» **REQUIRED WORK**
The expected response is an exact repetition of every record, with images excluded.

» **DATA SHOWN**
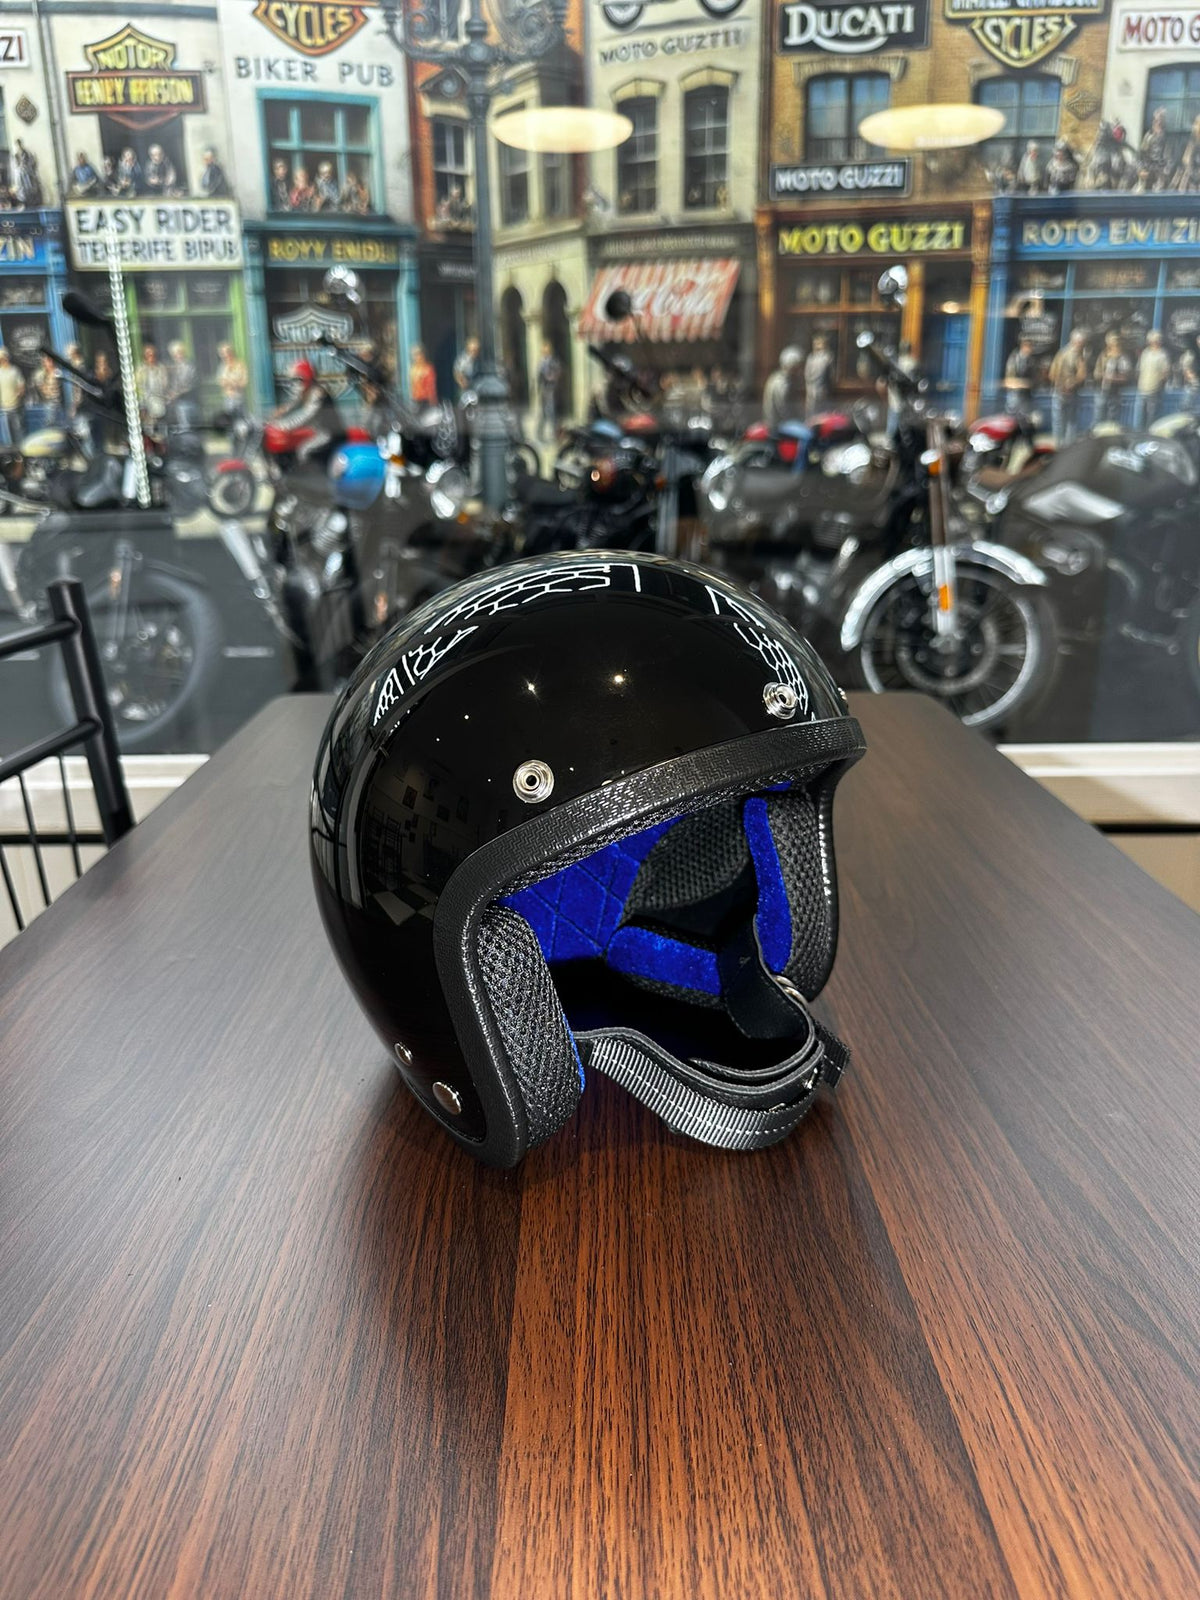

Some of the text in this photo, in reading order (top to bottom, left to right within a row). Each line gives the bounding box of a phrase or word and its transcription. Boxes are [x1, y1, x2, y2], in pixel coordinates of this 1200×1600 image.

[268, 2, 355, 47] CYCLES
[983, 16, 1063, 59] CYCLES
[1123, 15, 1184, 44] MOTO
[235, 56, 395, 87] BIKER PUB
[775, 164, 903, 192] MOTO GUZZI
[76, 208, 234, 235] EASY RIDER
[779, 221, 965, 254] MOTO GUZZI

» **EXERCISE ANSWER**
Some of the text in this photo, in reading order (top to bottom, left to right within a row). Each line gives the bounding box of a phrase or word and its transcription. Boxes are [x1, y1, x2, y2], in pixel coordinates of this 1200×1600 image.

[268, 2, 355, 47] CYCLES
[983, 16, 1063, 59] CYCLES
[1123, 15, 1184, 44] MOTO
[235, 56, 395, 87] BIKER PUB
[775, 164, 903, 192] MOTO GUZZI
[76, 208, 234, 235] EASY RIDER
[779, 221, 965, 254] MOTO GUZZI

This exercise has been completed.